Relevant bachelor’s degree.
The 10th anniversary of the terrorist attacks of September 11 in 2011 has refueled the critical debates about the literary and cultural response to what we’ve come to call “9/11” . Aiming to contribute to this debate, this course will begin by exploring the ways in which novels by recent American writers such as Jonathan Saffran Foer, Don DeLillo, Cormac McCarthy, and Joseph O’Neill reflect on the terrorist attacks of 9/11 and/or reimagine life in the aftermath of these events. Drawing on theories of trauma and memory, we’ll study the sometimes innovative and intermedial literary strategies these and other writers use to represent life “in the shadow of no towers” (to borrow the title of Art Spiegelman’s graphic narrative, which we’ll also read). We’ll also explore the ways in which in post-9/11 literature and film try to counter the “us versus them” rhetoric of the aftermath as well as the relationship between politics and aesthetics in these texts. Among the films we’ll discuss are the Naudet brothers’ 9/11, Michael Moore’s Fahrenheit 9/11 and Chris Morris’s Four Lions. We’ll also read novels by immigrant writers such as Monica Ali and Mohsin Hamid that critically interrogate the re-emergence of exceptionalist political discourse and Samuel Huntington’s “clash of civilizations” thesis in the wake of 9/11. Finally, we’ll take a critical look at the culture of commemoration surrounding 9/11, from the memorial walls of photographs and poems in the immediate aftermath to ongoing debates about the memorialization of 9/11 at “Ground Zero” in Manhattan and elsewhere. Throughout the course, we will ask ourselves if there is such a genre as (post-)9/11 fiction and film and what the politics of such a genre might be.
This course aims to
- (further) develop students’ analytical and critical skills through in-depth reading of literary texts and some films in their historical and cultural contexts.

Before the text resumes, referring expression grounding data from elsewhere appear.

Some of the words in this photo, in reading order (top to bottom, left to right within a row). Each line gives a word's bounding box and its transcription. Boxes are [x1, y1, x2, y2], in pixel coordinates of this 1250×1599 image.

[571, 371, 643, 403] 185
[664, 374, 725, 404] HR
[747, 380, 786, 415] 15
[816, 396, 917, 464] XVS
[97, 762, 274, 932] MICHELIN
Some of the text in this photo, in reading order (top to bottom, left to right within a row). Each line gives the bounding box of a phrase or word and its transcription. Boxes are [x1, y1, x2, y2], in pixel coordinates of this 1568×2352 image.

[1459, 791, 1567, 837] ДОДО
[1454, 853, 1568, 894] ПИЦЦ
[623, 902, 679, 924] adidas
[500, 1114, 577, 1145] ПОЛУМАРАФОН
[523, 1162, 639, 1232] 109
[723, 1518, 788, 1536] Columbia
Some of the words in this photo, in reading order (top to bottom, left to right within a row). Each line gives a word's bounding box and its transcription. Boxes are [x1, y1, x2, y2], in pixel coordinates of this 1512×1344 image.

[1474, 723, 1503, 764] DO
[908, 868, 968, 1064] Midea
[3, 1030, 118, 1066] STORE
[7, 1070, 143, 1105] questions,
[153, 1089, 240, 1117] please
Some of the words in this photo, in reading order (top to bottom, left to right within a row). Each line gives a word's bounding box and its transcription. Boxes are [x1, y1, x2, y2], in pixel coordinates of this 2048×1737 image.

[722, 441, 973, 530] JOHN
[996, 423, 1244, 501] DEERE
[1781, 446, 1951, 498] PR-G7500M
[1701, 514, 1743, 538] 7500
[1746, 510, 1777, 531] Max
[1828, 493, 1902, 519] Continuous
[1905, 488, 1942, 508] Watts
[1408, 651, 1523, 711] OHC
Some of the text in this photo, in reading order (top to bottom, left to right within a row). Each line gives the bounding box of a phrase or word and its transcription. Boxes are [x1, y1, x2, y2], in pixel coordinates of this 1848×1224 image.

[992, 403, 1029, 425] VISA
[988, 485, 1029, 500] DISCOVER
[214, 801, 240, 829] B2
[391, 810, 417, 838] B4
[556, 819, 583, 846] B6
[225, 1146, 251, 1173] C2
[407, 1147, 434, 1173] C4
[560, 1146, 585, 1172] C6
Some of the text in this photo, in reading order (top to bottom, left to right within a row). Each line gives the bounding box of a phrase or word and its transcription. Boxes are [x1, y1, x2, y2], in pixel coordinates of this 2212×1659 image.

- introduce students to trauma and memory theory and to provide a critical understanding of the concept of U.S. exceptionalism
- develop students’ skills to conduct independent research
- develop students’ oral presentation skills through an oral, in-class presentation (individual or small group)
- develop their ability to comprehend theoretical and critical insights and apply them in a research essay
Mode of instruction
- Oral presentation and discussion (30%) and
- research essay (c. 4000 words; 70%).
At least three weeks before the course starts, the Blackboard site will be open for self-enrolment. There you can find the course syllabus, as well as study questions, recommended critical articles, links to useful websites, and essay topics. Please note that there is a reading assignment for week 1 (see syllabus on Blackboard).
- Jonathan Safran Foer, Extremely Loud and Incredibly Close (Penguin)
- Don DeLillo, Falling Man (Scribner)
- John Updike, Terrorist (Random House)
- Art Spiegelman, In the Shadow of No Towers (Pantheon)
- Cormac McCarthy, The Road (Vintage)
- Joseph O’Neill, Netherland (Harper Perennial)
- Mohsin Hamid, The Reluctant Fundamentalist (Harvest)
- Amy Waldman, The Submission (Picador)
- Randa Jarrar, A Map of Home (New York: Penguin Books 2008)
Registration Studeren à la carte
Email: Ms.dr. J.C. Kardux
Since several of the novels we’ll read revisit F. Scott Fitzgerald’s classic novel The Great Gatsby, students are recommended to read The Great Gatsby during the summer in preparation for the course.